A 7-year-old girl who died unexpectedly after a medical emergency on a Wayzata dock on Sunday was killed by carbon monoxide poisoning, family members said Monday.

Emergency crews were called to a dock on Wayzata Bay on Sunday night and found Sophia Baechler of Edina unresponsive.

First responders took Sophia to Hennepin County Medical Center, where she died.

“Sophia was an amazing little girl filled with overflowing kindness and love for others. She brought out the best in all those around her,” her family said in a statement Monday night. “She will be forever remembered in our hearts.”

It’s unclear whether she had been on a boat or what exactly caused the carbon monoxide poisoning.

Carbon monoxide poisoning from a boat is fairly rare, according to the Minnesota Department of Natural Resources (DNR). In the past eight years, it has only happened twice, according to state data, both in 2013. That year, a 44-year-old Champlin man and a 35-year-old Long Lake man died while boating on Lake of the Woods from carbon monoxide poisoning from a faulty exhaust system on the boat.
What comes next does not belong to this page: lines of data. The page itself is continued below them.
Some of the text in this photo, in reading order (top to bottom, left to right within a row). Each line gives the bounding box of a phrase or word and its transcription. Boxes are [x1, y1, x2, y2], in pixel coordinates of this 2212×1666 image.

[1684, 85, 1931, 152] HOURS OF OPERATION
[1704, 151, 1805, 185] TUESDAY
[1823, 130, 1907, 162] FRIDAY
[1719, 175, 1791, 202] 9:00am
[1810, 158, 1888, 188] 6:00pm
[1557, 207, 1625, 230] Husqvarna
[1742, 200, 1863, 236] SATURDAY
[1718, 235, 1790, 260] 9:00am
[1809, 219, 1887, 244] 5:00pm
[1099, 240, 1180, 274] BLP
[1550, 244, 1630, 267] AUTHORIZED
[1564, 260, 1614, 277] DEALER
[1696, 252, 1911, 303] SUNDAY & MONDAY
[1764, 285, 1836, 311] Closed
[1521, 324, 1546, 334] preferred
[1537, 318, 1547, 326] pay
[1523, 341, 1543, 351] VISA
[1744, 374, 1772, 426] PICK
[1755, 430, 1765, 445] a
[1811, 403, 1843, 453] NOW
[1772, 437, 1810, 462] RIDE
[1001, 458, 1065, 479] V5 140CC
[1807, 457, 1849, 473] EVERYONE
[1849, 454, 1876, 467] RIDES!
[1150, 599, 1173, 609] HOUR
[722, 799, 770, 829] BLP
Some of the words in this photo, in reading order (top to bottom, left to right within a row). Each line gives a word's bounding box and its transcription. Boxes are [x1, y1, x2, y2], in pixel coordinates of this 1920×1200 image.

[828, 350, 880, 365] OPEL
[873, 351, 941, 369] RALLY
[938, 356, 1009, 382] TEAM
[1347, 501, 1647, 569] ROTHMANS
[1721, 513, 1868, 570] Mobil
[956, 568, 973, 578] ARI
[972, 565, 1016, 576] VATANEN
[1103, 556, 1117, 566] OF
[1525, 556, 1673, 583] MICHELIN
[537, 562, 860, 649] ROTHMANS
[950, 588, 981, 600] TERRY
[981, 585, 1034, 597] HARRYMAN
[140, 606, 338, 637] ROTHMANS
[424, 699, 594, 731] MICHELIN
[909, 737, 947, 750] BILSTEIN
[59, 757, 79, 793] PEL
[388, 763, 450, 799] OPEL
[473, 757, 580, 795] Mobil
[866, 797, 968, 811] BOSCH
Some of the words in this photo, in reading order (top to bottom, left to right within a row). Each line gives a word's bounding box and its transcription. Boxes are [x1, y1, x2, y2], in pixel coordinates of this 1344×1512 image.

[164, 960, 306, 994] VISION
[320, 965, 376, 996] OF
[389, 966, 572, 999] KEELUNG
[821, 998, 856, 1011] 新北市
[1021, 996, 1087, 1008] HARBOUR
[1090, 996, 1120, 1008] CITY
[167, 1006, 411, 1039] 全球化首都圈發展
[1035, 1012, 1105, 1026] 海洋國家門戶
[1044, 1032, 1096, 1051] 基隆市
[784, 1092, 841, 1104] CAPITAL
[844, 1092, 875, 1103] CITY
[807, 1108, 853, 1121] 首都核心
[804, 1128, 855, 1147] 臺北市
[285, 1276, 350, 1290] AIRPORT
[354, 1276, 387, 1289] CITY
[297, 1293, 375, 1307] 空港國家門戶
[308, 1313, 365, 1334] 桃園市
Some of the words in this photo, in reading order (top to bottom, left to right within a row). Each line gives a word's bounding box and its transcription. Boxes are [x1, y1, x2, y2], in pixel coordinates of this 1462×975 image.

The Hennepin County Sheriff’s Office is still investigating the case.

Sophia was a second-grader at Concord Elementary School in Edina. In a letter to the school’s parents Monday, the principal confirmed her cause of death to dispel any rumors. The school district’s crisis response team, including counselors and social workers, are on hand this week to help grieving young classmates.

On Lake Minnetonka, the Minnetonka Power Squadron hosts public boating safety classes that include how to prevent carbon monoxide poisoning. While many newer boats have carbon monoxide detectors, it isn’t required in boats, said Steve Leighton, a vessel safety examiner with the group. “It’s certainly a tragic situation,” Leighton said.

He added that he doesn’t know any specifics of Sunday’s situation but that he generally advises people to be aware of exhaust fumes and have a carbon monoxide detector on a boat. “I wouldn’t have a boat without one … just like my house,” he said. “The exhaust fumes are always a consideration.”

Carbon monoxide can build up on a boat from an idling motor, a generator or from a faulty motor exhaust system, as in the 2013 case.

The DNR advises boaters not to leave motors idling or generators running while anchored or docked. Boaters also shouldn’t sit on the swim deck on the back of the boat while the motor is running and should stay back at least 20 feet while being towed for water skiing or tubing. Boat owners should make sure motors and exhaust systems are maintained annually, the DNR says.

Common symptoms of carbon monoxide poisoning are headaches, dizziness, weakness, nausea, vomiting, chest pain and confusion.